Here the job is to copy the data exactly and to exclude every image from it.

[Items listed in a dataset]
┏━━
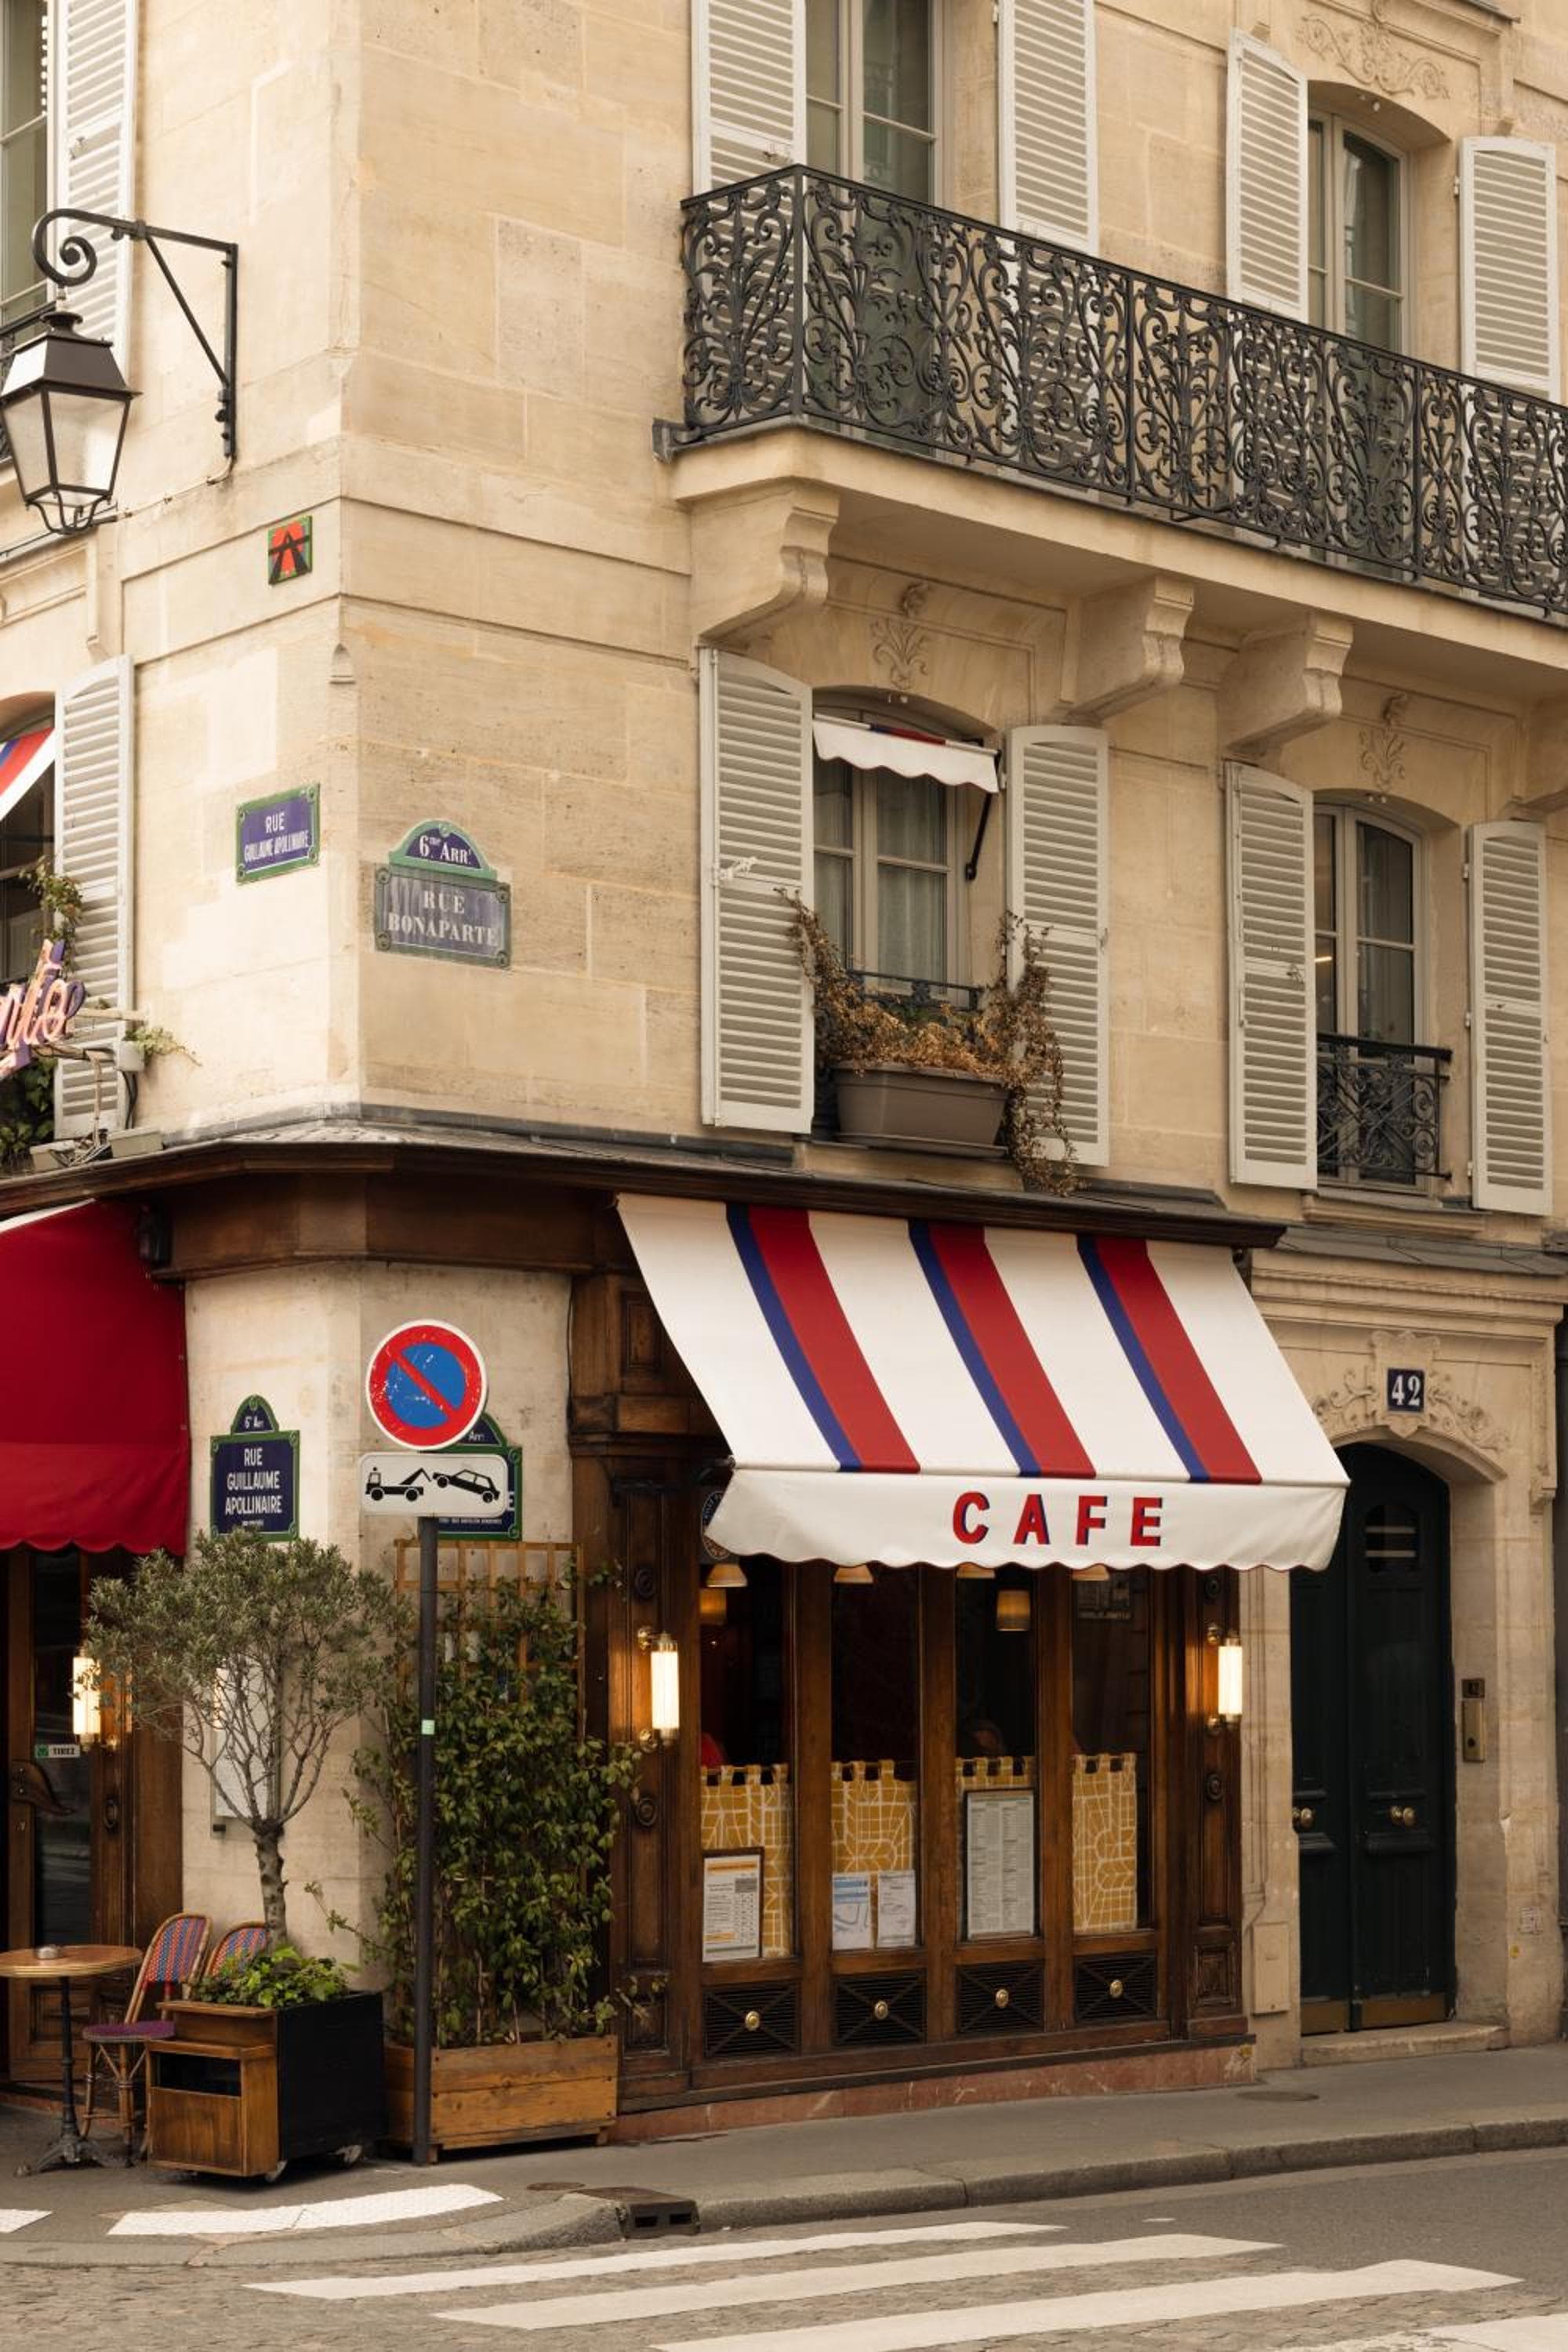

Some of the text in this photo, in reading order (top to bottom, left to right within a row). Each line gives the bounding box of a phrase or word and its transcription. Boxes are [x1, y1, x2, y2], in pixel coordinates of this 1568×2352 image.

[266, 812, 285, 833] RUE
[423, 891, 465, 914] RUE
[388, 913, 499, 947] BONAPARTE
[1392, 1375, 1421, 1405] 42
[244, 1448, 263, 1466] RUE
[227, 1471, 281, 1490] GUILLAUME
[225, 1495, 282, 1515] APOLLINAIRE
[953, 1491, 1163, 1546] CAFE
┗━━
Task solution:
Some of the text in this photo, in reading order (top to bottom, left to right within a row). Each line gives the bounding box of a phrase or word and its transcription. Boxes are [x1, y1, x2, y2], in pixel coordinates of this 1568×2352 image.

[266, 812, 285, 833] RUE
[423, 891, 465, 914] RUE
[388, 913, 499, 947] BONAPARTE
[1392, 1375, 1421, 1405] 42
[244, 1448, 263, 1466] RUE
[227, 1471, 281, 1490] GUILLAUME
[225, 1495, 282, 1515] APOLLINAIRE
[953, 1491, 1163, 1546] CAFE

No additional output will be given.